Start of Supplied data
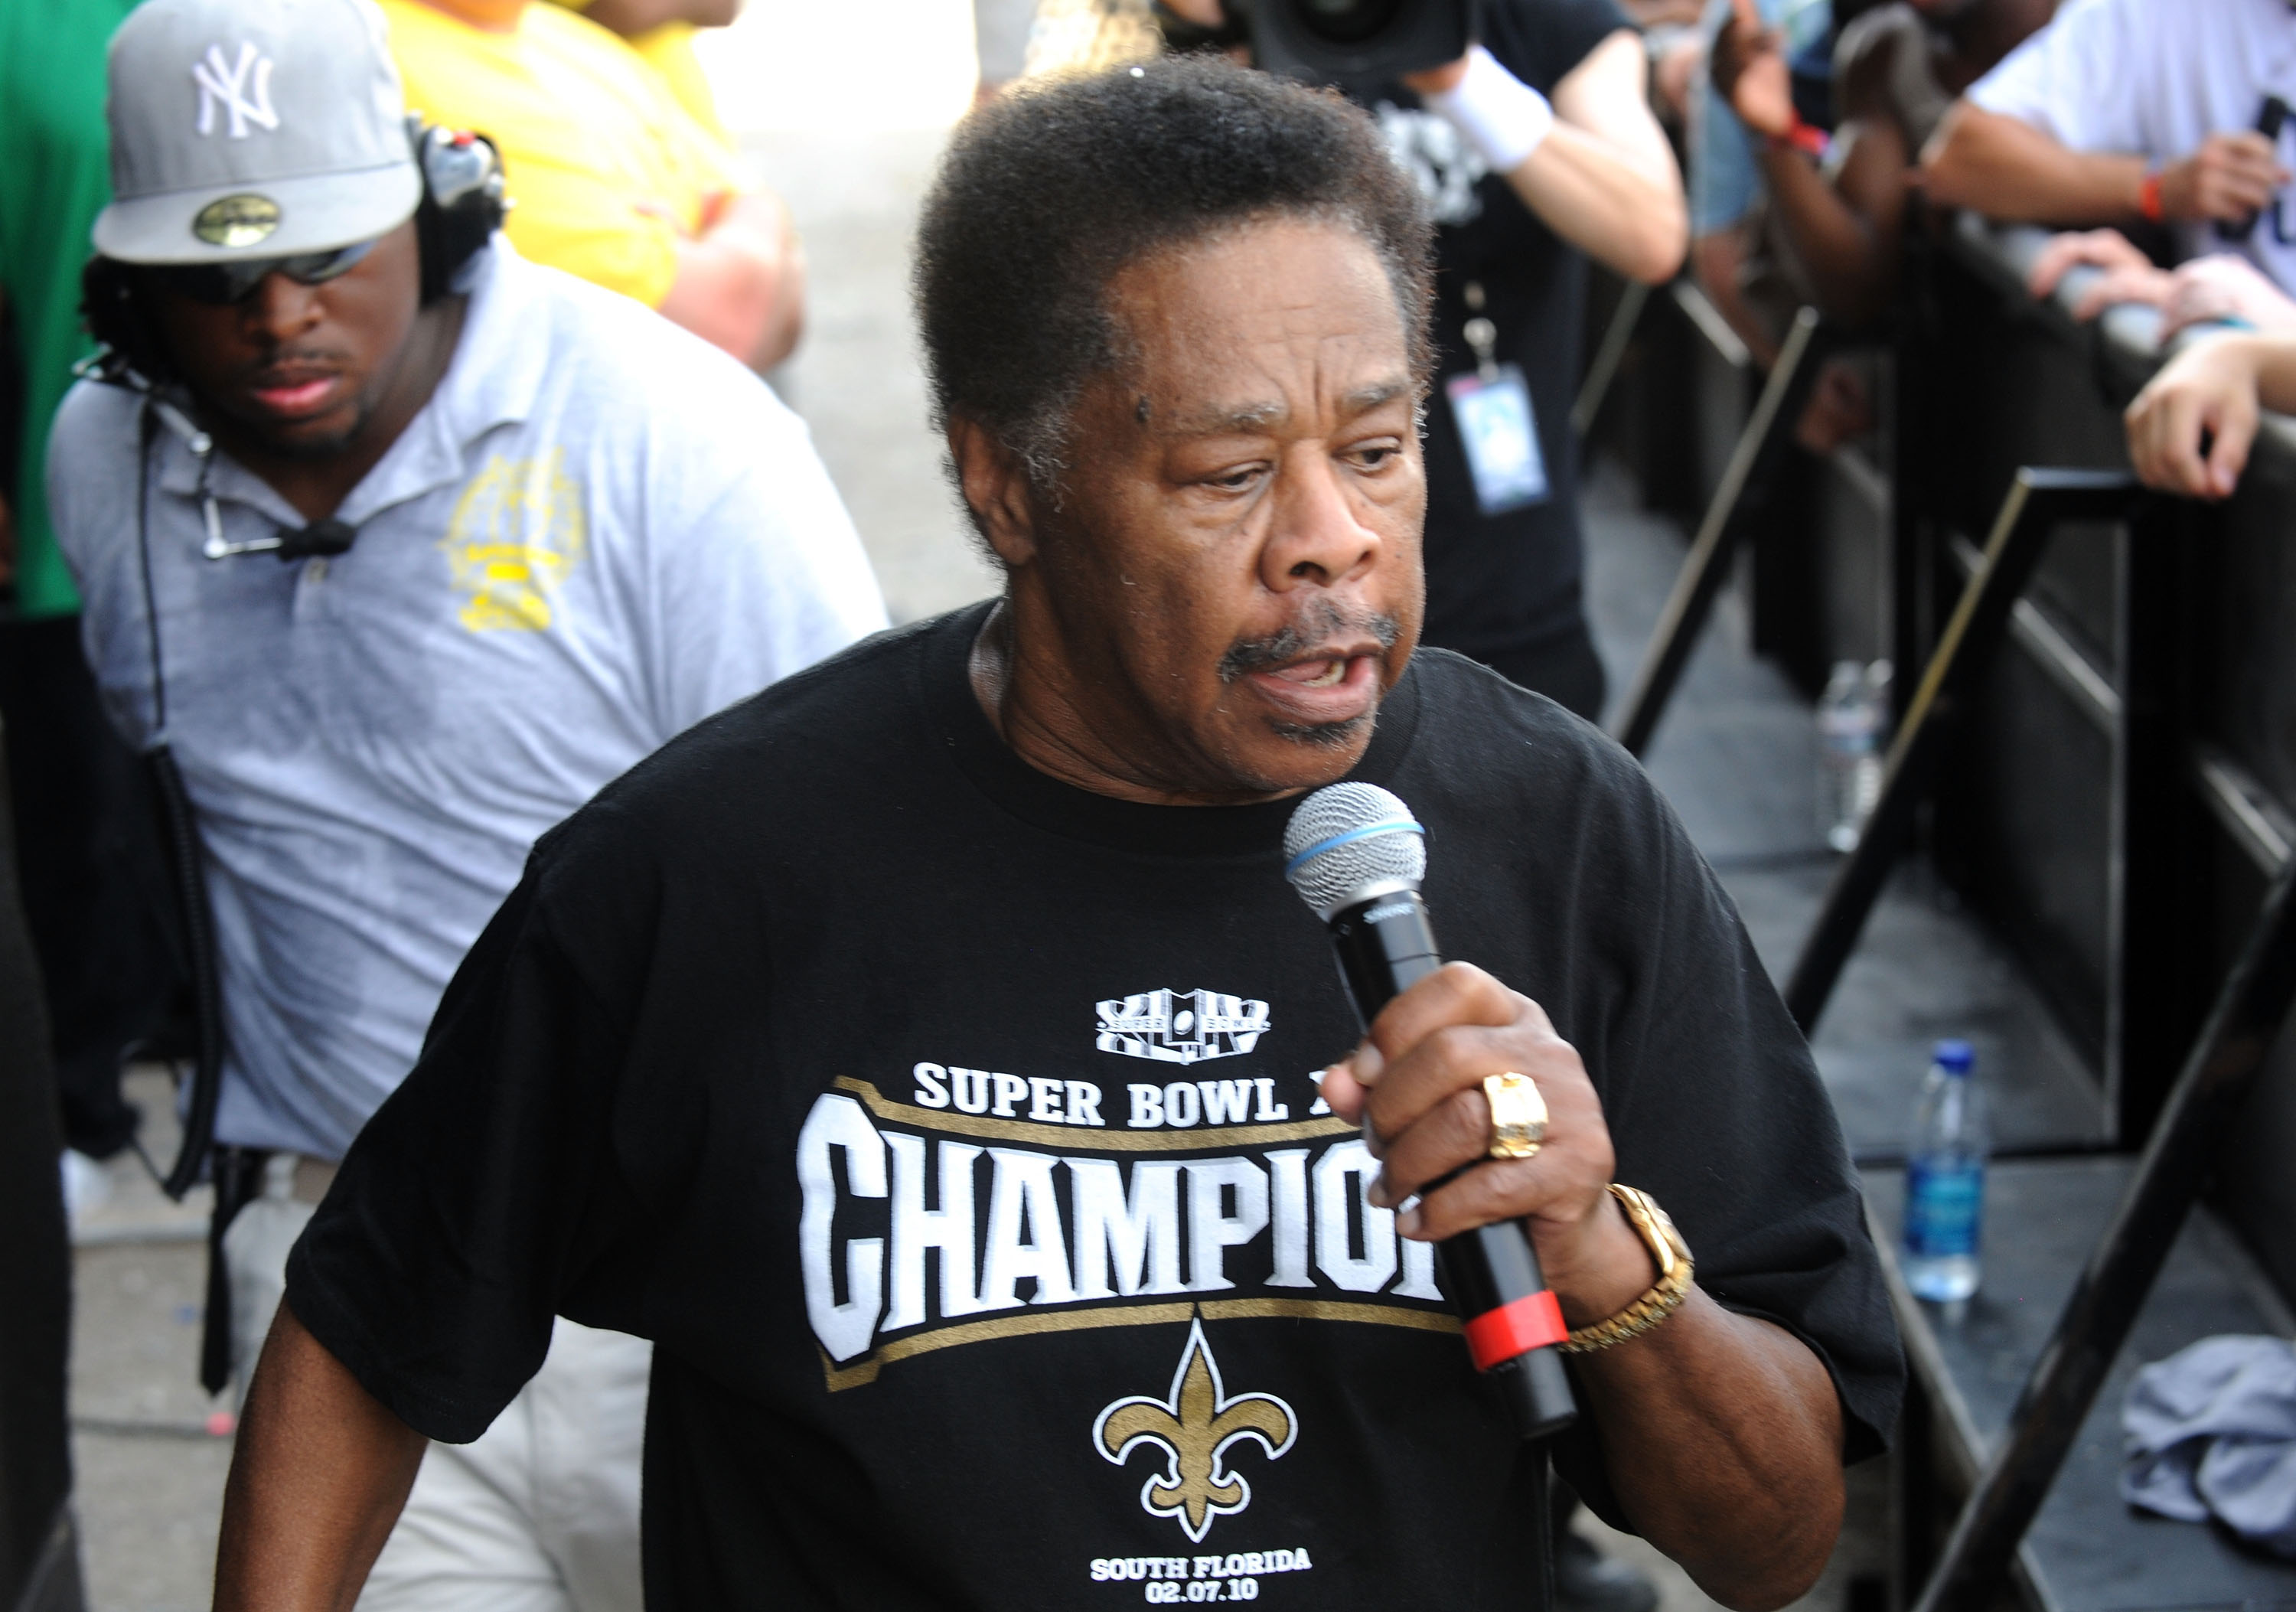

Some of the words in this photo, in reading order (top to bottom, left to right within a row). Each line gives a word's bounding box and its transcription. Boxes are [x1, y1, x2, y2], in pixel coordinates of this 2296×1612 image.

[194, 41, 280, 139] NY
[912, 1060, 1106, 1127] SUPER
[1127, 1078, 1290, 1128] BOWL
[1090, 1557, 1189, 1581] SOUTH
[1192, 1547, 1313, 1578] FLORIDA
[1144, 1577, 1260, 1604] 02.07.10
End of Supplied data
**Task to complete:** Set down each entry above exactly as it appears. Omit the pictures.

**Answer to this problem:**
Some of the words in this photo, in reading order (top to bottom, left to right within a row). Each line gives a word's bounding box and its transcription. Boxes are [x1, y1, x2, y2], in pixel coordinates of this 2296×1612 image.

[194, 41, 280, 139] NY
[912, 1060, 1106, 1127] SUPER
[1127, 1078, 1290, 1128] BOWL
[1090, 1557, 1189, 1581] SOUTH
[1192, 1547, 1313, 1578] FLORIDA
[1144, 1577, 1260, 1604] 02.07.10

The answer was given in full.